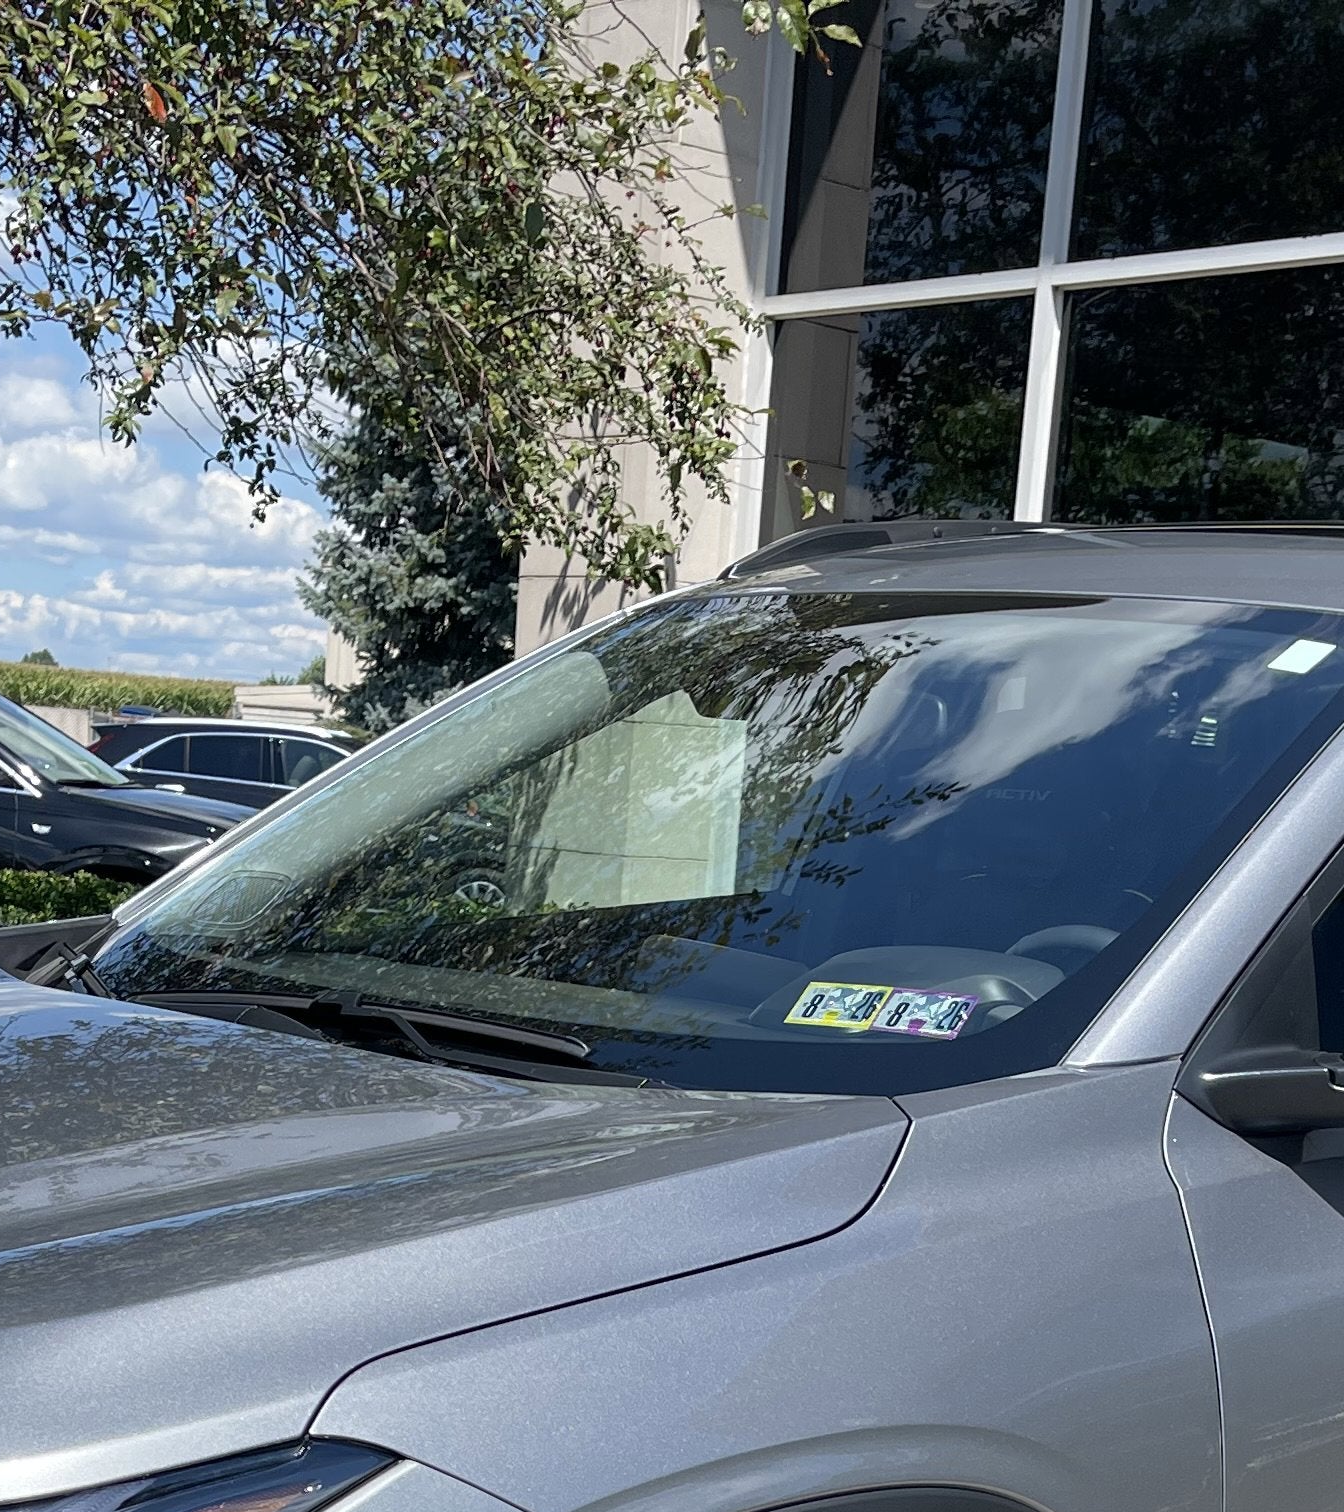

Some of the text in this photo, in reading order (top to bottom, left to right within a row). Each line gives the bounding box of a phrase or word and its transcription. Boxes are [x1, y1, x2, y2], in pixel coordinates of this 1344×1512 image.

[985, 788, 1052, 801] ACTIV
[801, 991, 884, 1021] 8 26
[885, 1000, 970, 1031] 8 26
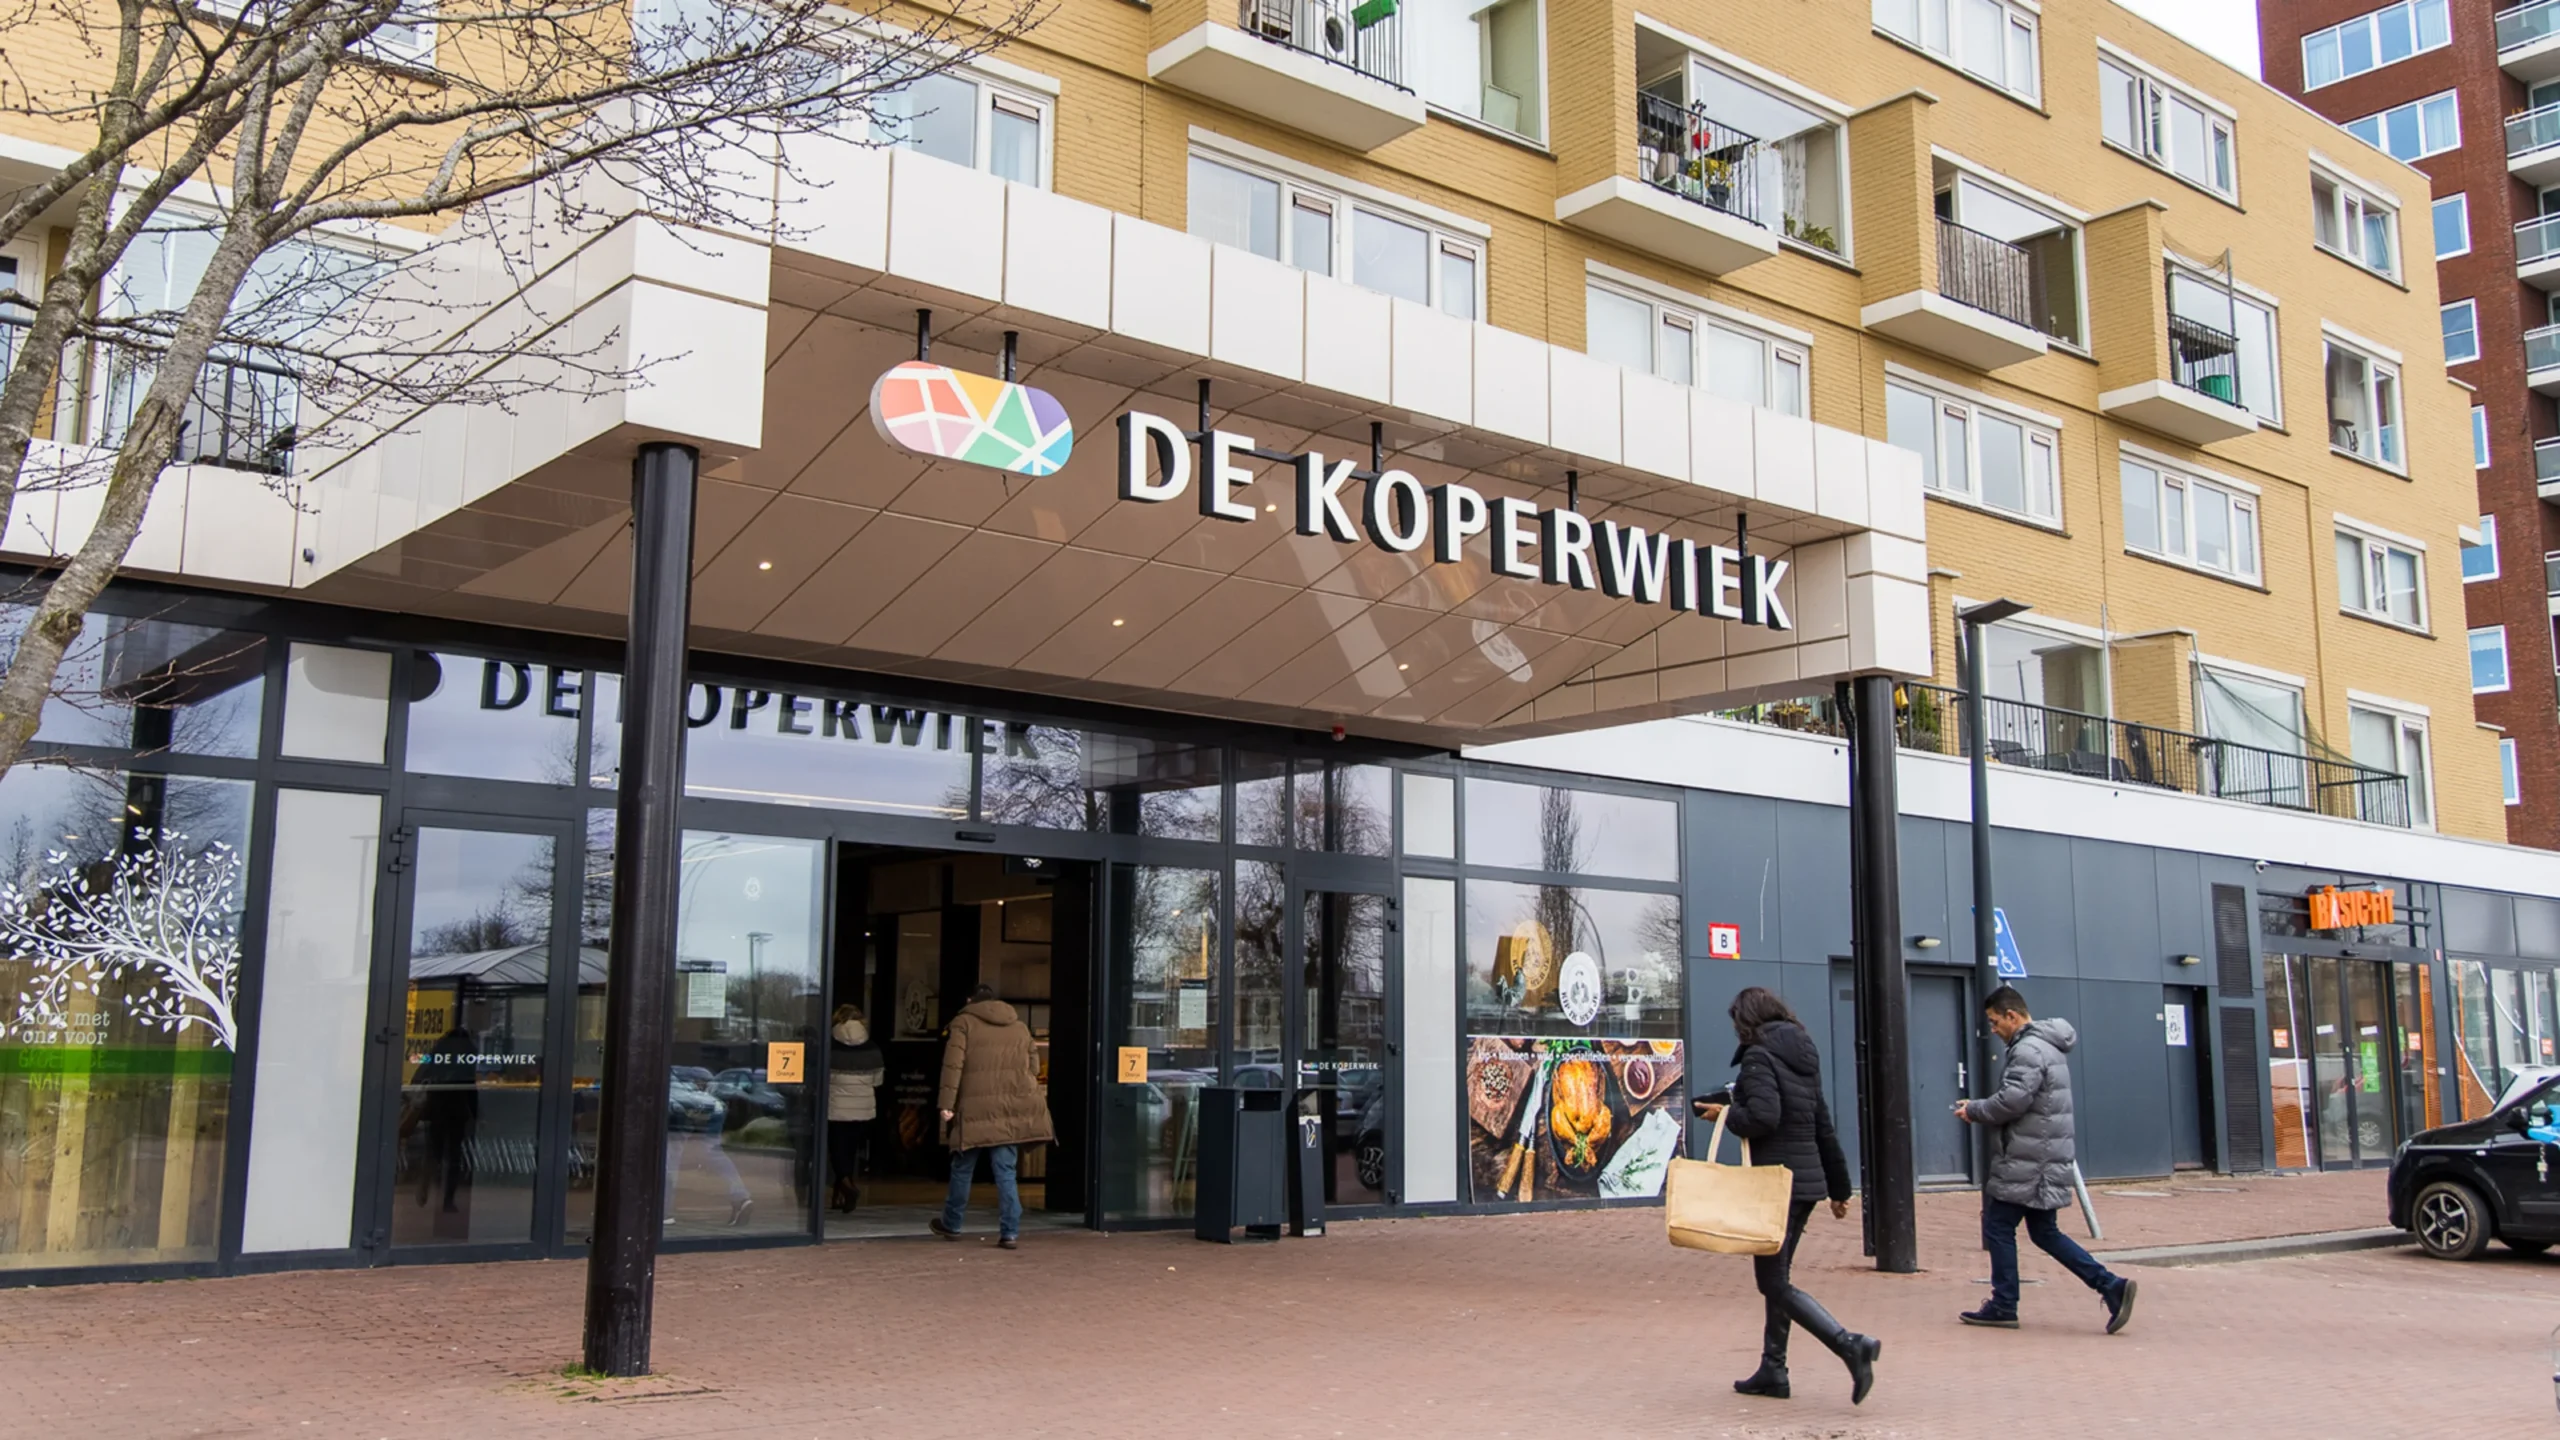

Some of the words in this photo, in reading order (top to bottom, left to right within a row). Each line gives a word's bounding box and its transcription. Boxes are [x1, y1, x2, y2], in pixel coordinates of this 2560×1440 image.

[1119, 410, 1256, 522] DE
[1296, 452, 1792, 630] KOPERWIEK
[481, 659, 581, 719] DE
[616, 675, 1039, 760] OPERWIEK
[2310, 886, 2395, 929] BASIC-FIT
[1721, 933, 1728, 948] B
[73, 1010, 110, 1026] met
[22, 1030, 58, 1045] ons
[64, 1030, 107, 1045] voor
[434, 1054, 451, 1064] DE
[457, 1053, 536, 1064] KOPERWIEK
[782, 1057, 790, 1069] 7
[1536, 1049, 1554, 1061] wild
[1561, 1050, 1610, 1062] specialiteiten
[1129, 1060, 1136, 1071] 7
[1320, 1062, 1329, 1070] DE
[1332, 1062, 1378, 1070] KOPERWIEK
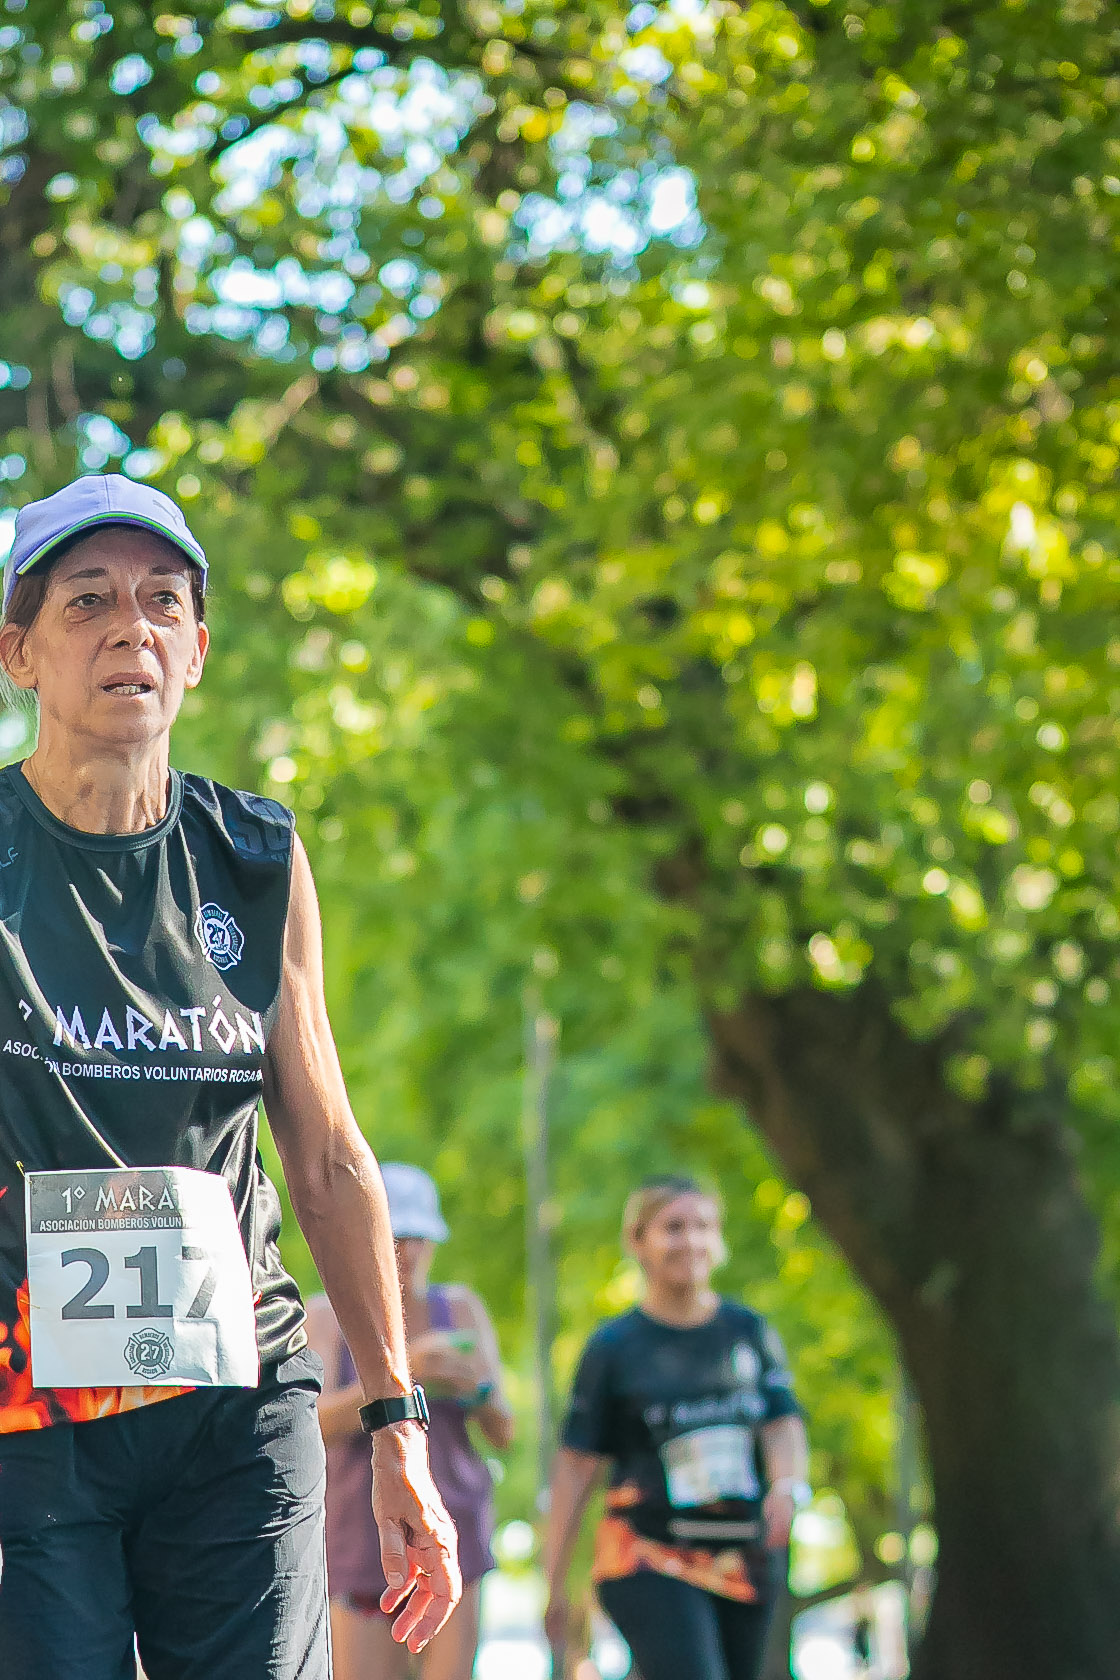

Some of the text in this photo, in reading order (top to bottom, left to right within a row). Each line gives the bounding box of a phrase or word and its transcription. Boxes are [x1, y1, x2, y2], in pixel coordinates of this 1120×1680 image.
== == ==
Required work:
Quote the records above exactly, leaving out any pictures.

Task solution:
Some of the text in this photo, in reading order (top to bottom, left to right within a row). Each line gives the bounding box of a phrase or word and its transcription. Boxes are [x1, y1, x2, y2], in pixel coordinates of this 1344×1512 image.

[985, 788, 1052, 801] ACTIV
[801, 991, 884, 1021] 8 26
[885, 1000, 970, 1031] 8 26

Some of the words in this photo, in reading order (top to bottom, left to right within a row). Each line gives a word's bounding box and its transcription. Boxes are [x1, y1, x2, y2], in pixel coordinates of this 2560×1440 image.

[1119, 410, 1256, 522] DE
[1296, 452, 1792, 630] KOPERWIEK
[481, 659, 581, 719] DE
[616, 675, 1039, 760] OPERWIEK
[2310, 886, 2395, 929] BASIC-FIT
[1721, 933, 1728, 948] B
[73, 1010, 110, 1026] met
[22, 1030, 58, 1045] ons
[64, 1030, 107, 1045] voor
[434, 1054, 451, 1064] DE
[457, 1053, 536, 1064] KOPERWIEK
[782, 1057, 790, 1069] 7
[1536, 1049, 1554, 1061] wild
[1561, 1050, 1610, 1062] specialiteiten
[1129, 1060, 1136, 1071] 7
[1320, 1062, 1329, 1070] DE
[1332, 1062, 1378, 1070] KOPERWIEK

Some of the text in this photo, in reading order (top to bottom, left to right within a row). Each line gives the bounding box of a phrase or word and its transcription. Boxes are [x1, y1, x2, y2], in pixel coordinates of this 1120×1680 image.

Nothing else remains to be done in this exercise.